The large body of existing structural data shows that the major capsid proteins (MCPs) of all known dsDNA tailed phages have a HK97 fold and that the capsid shell is composed of flat hexamers and wide-based cone-shaped pentamers formed by the MCP (80). In agreement with this, the phi92 capsid electron density could be segmented into hexamers and pentamers (Fig. 4B), easily accommodating the respective oligomers of the HK97 capsid protein (PDB ID 1OHG).

The hand of the cryoEM map was determined by comparing the original and mirrored maps with the structure of the HK97 capsid (36). Due to the limited resolution of the map, we used an automated fitting procedure that maximizes the number of atoms fitted into the density of the data as implemented in UCSF Chimera (57). The HK97 asymmetric unit comprising one full hexamer plus one subunit of the pentamer was fitted into the original and mirrored maps (see Fig. S2 in the supplemental material). Of 15,070 Cα atoms, the original and mirrored maps contoured at 1.5 σ do not account for 2,891 and 3,767 atoms, respectively. The positions of the hexamer autofitted with or without the pentamer subunit into the original hand map were virtually identical. The results of the autofit procedure involving the hexamer without the pentamer subunit fitted into the mirrored map did not converge to a unique solution. As a result of these calculations, the triangulation number of the phi92 icosahedron was found to be T = 13 dextro (h = 3, k = 1), resulting in 775 copies of the MCP per capsid. Interestingly, the capsids of the isometric T4 phage mutant and phage T5 were reported to have a mirrored icosahedral lattice with T = 13 laevo (18). Apparently, the HK97 fold has enough plasticity to accommodate both arrangements of the capsid subunits, which have the same T number.

The cryoEM map of the phi92 capsid displays prominent protrusions on the periphery of the capsomers near the local 3-fold axes (Fig. 4C). These protrusions represent either a domain which is not present in the HK97 capsid protein or an extra capsid decoration protein (Fig. 4D). The volume of the electron density suggests that each protrusion is formed by a polypeptide chain with a length of ∼110 residues. As the phi92 MCP (gp124; Table 2) is only ∼50 residues longer than the HK97 capsid protein, the number of additional amino acids is not sufficient to account for the density of all these protrusions. Furthermore, as identified with HHpred, the closest ortholog of the phi92 MCP with known structure is the MCP of a prophage from E. coli CTF073 (PDB ID 3BQW). This capsid protein attains an HK97 fold with a short insertion formed by residues 230 to 250. Hexamers and pentamers created by superimposing the 3BQW structure onto the HK97 capsomers showed that these extra residues were at the centers of the capsomers and faced inward. The phi92 cryoEM density can accommodate this insertion. Therefore, a separate decoration protein that is not part of the MCP must form the phi92 capsid protrusions (Fig. 4D).

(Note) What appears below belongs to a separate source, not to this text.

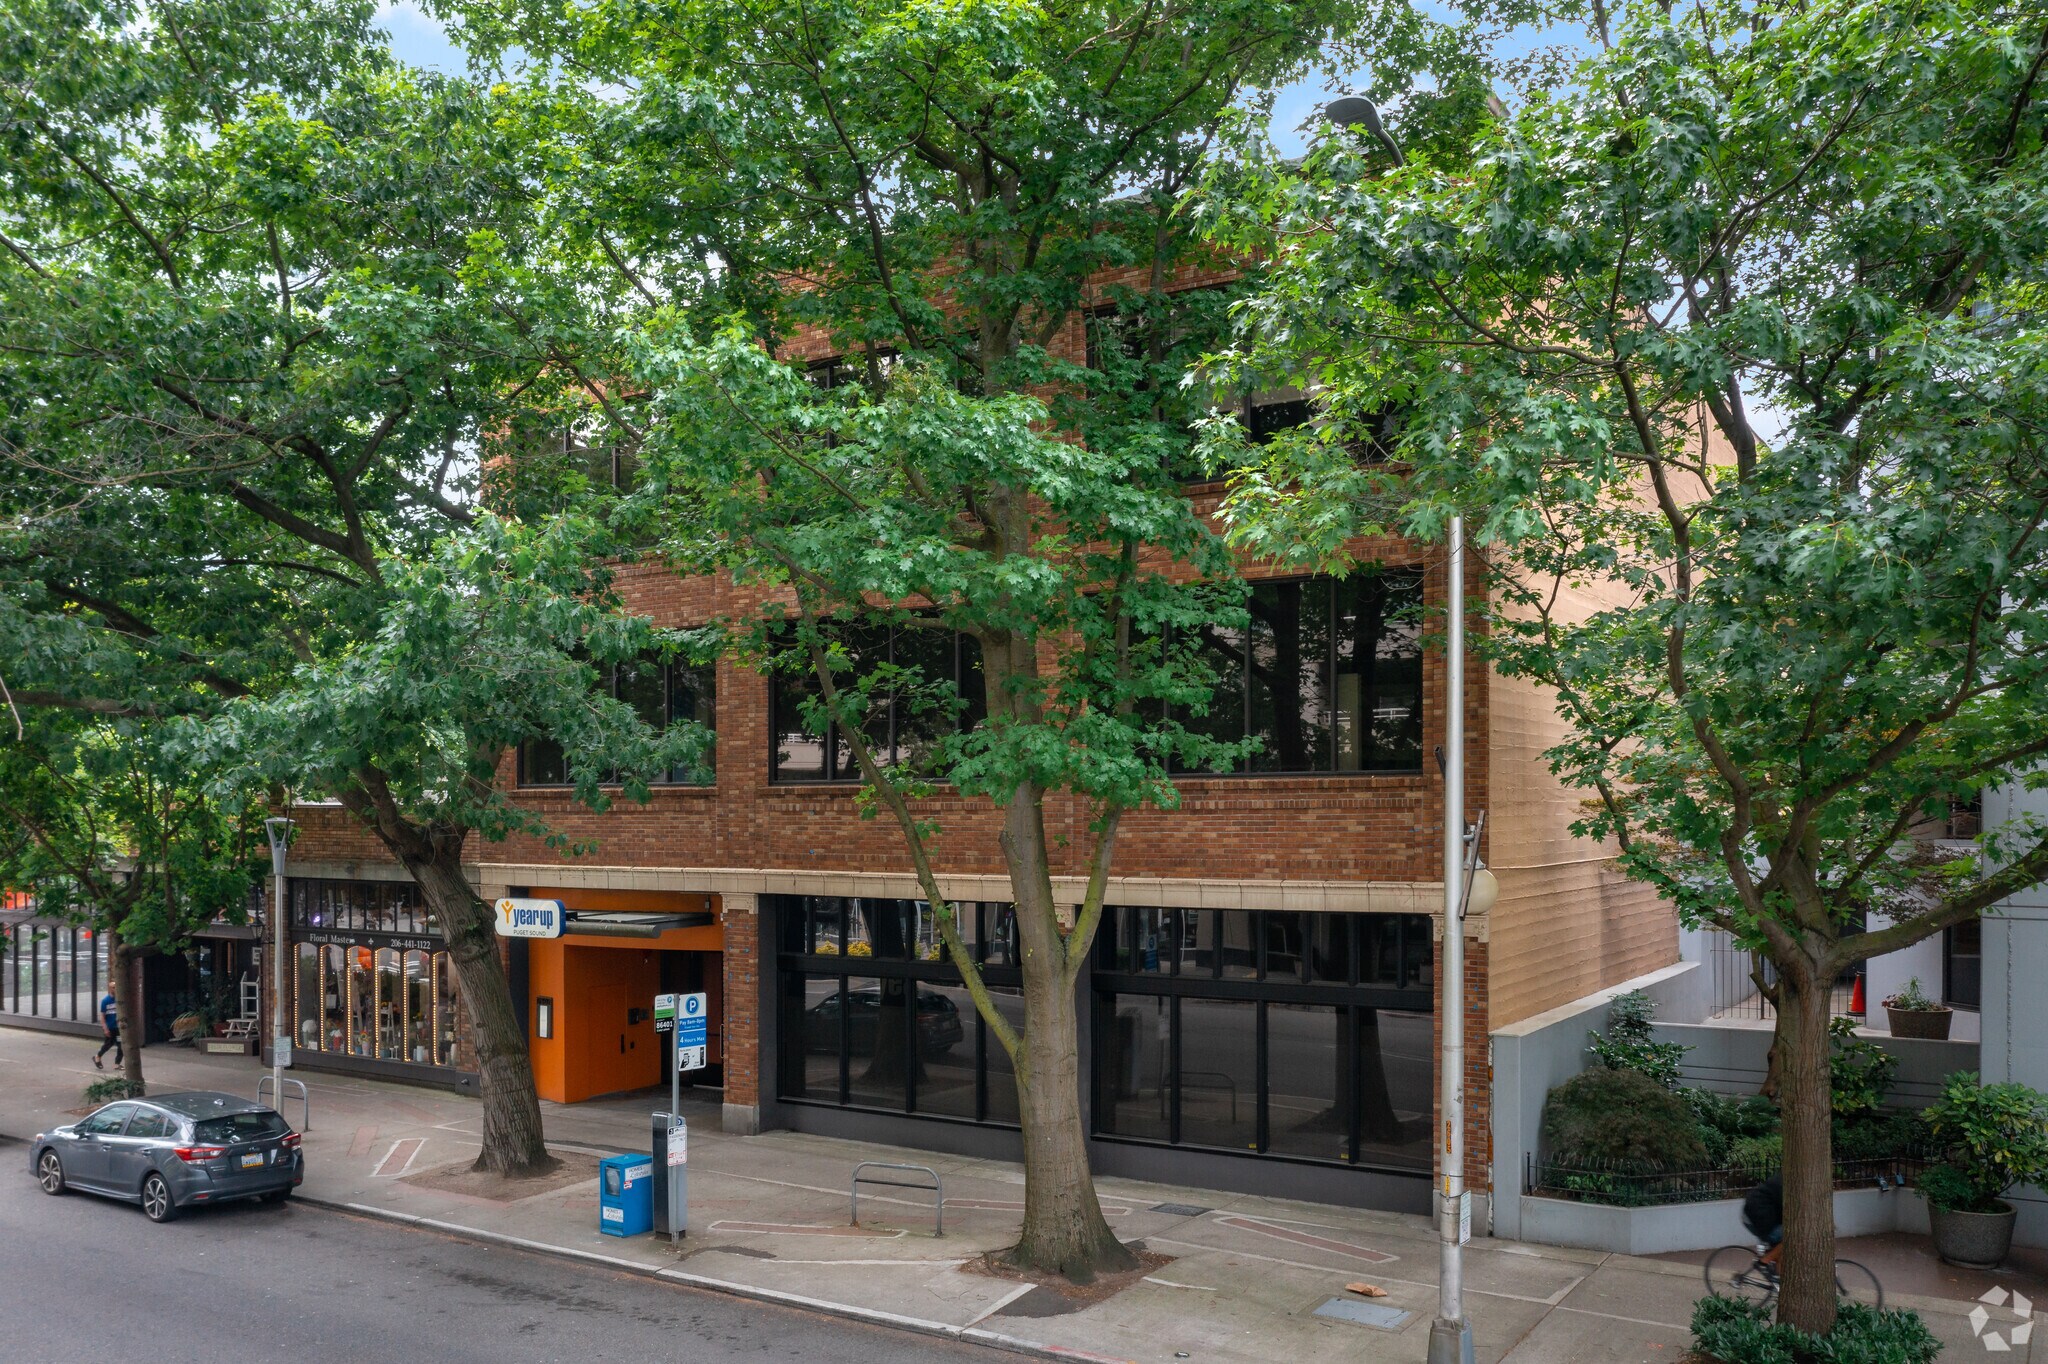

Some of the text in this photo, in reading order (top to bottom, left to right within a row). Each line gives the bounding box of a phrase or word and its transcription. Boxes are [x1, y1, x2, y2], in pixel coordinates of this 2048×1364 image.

[310, 933, 355, 945] Floral Maste
[391, 939, 431, 949] 206-441-1122

The density corresponding to the decoration protein in the cryoEM map is as great as that of the MCP, suggesting that the ratio of the two proteins in the virion is close to 1.0. As there are 775 copies of the MCP in each virus particle, the decoration protein must form a prominent band on the 1-DE gel similar to those seen with other phages carrying capsid decoration proteins (42). The 1-DE analysis of the phi92 particle is, however, somewhat less clear in this respect (Fig. 3A). The protein corresponding best to the estimated molecular mass of 13.8 kDa was identified as gp123 of the 1-DE gel in band 19 (see Fig. 3B) but also in eight other bands (bands 1, 6, 7, 9, 12, 13, 14, and 17; see Fig. 3A and B). The apparent molecular mass of gp123 is 13.8 kDa, which is 12% greater than the molecular mass calculated from the cryoEM density. The observed difference can be attributed to the disorder and “averaging-out” effects, which are common to surface-exposed features in cryoEM reconstructions (21). The determination that the predicted secondary structure of gp123 is dominated by β-strands can be asserted with a high degree of confidence. Although the evidence is indirect, this observation supports the assignment of gp123 as the capsid decoration protein, since all known capsid decoration proteins and additional domains of MCPs are β-structural elements (5, 22, 51, 56, 59, 82).

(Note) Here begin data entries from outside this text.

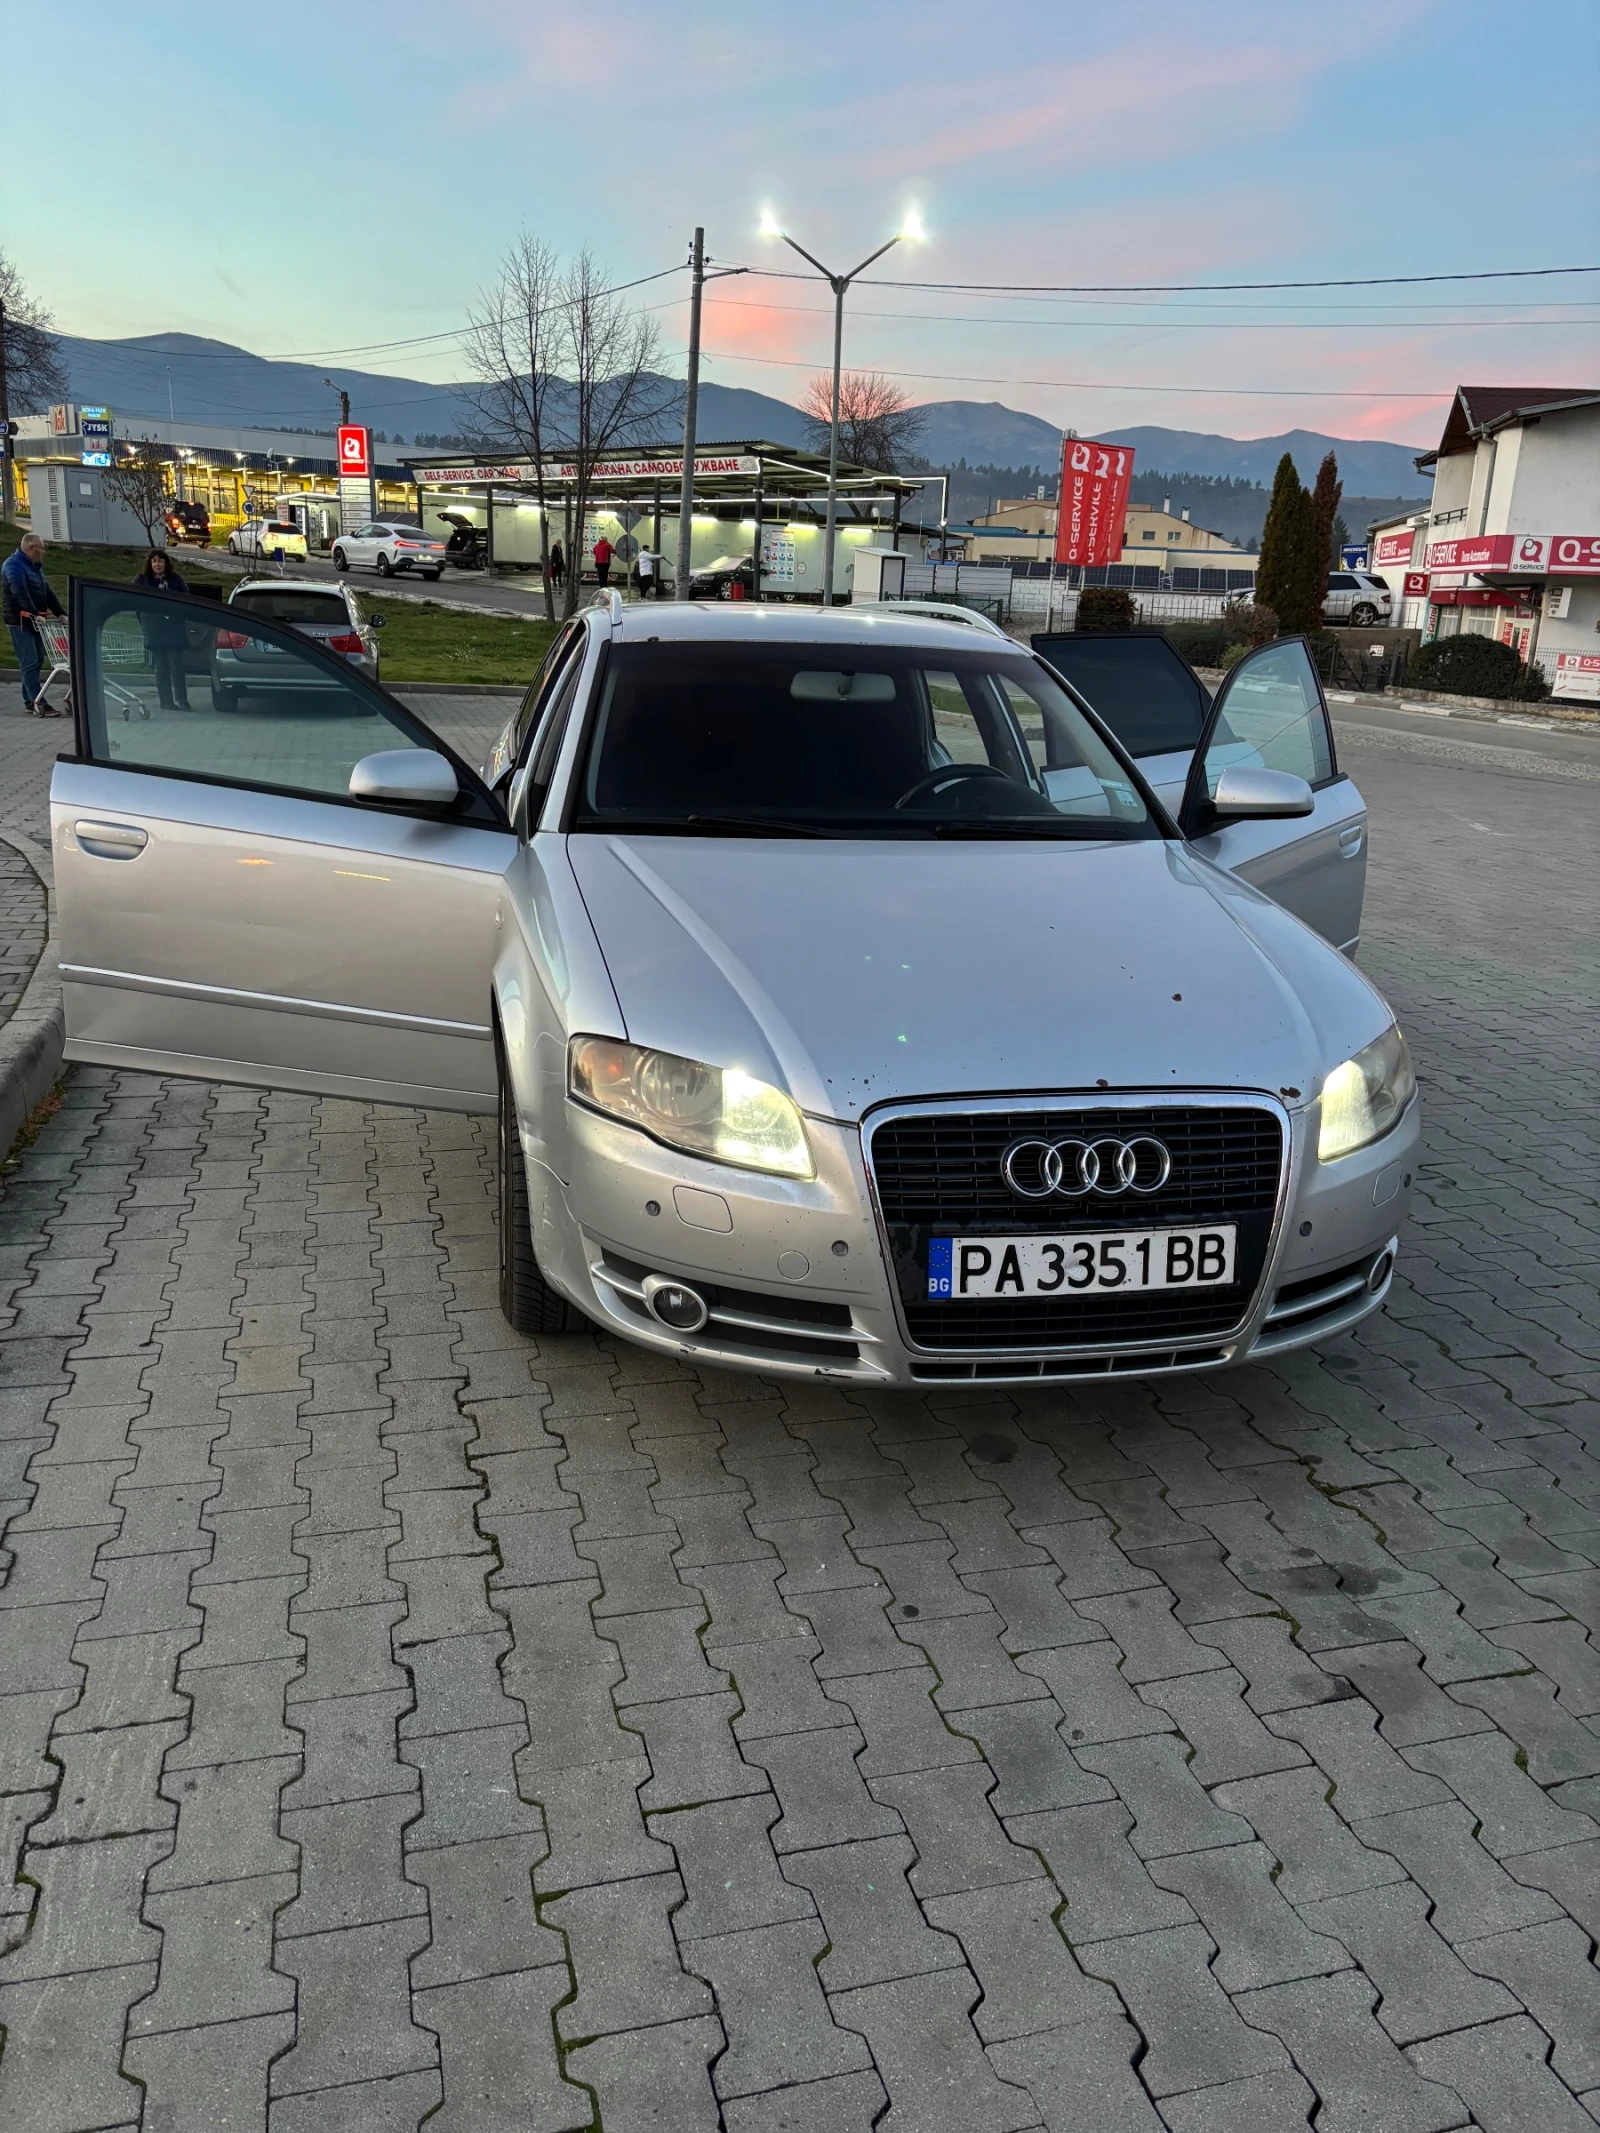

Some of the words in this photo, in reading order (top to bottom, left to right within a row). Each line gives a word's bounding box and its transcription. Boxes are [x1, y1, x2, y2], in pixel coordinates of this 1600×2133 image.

[87, 423, 108, 432] JYSK
[424, 469, 475, 481] SELF-SERVICE
[477, 468, 494, 479] CAR
[497, 467, 521, 478] WASH
[1428, 606, 1438, 633] Castrol
[959, 1244, 1025, 1294] PA
[1037, 1237, 1150, 1292] 3351
[1166, 1233, 1227, 1284] BB
[929, 1277, 949, 1292] BG

Orthologs of phi92 decoration protein gp123 are found in phages rv5 and PVP-SE1 and are encoded by genes 61 and 72, respectively (Fig. 2A). In the absence of any additional evidence, gp72 of PVP-SE1 was annotated as a capsid decoration protein solely due to its abundance on the gel (63). The structure of the phi92 capsid obtained in this study confirms the function of the phi92_gp123 homolog PVP-SE1_gp72 and in addition strongly suggests that gp61 of phage rv5 is a capsid decoration protein. As the capsids of rv5-like phages are fairly large, the conservation of the decoration protein must represent a functional requirement, because decoration proteins are known to increase the stability of virus capsids (31).

Capsid scaffolding proteins of most phages have two common features: they are rich in α-helical content and the genes encoding these proteins are found immediately upstream of the MCP genes in the genome (58). Both criteria apply to phi92 gp122, suggesting that it is the scaffolding protein. In phages rv5 and PVP-SE1, the equivalent genome positions are occupied by genes 62 and 73, respectively. These genes are annotated as scaffolding protein genes, albeit the reasons behind this annotation are unpublished. Neither displayed significant sequence similarity to phi92 gp122, but they are of similar sizes and have predominantly α-helical structures.

The structure of the head-to-tail region was investigated by calculating the 5-fold symmetric reconstruction of the capsid and at the same time increasing the reconstructed volume to include a proximal part of the tail. Compared to the icosahedrally averaged reconstruction, the 5-fold symmetric map of the capsid did not show any new features and was of lower quality. Nevertheless, the 5-fold averaged reconstruction demonstrated that, unlike the extensive neck and whiskers structures found in bacteriophage T4, the phi92 particle carries no collar (41).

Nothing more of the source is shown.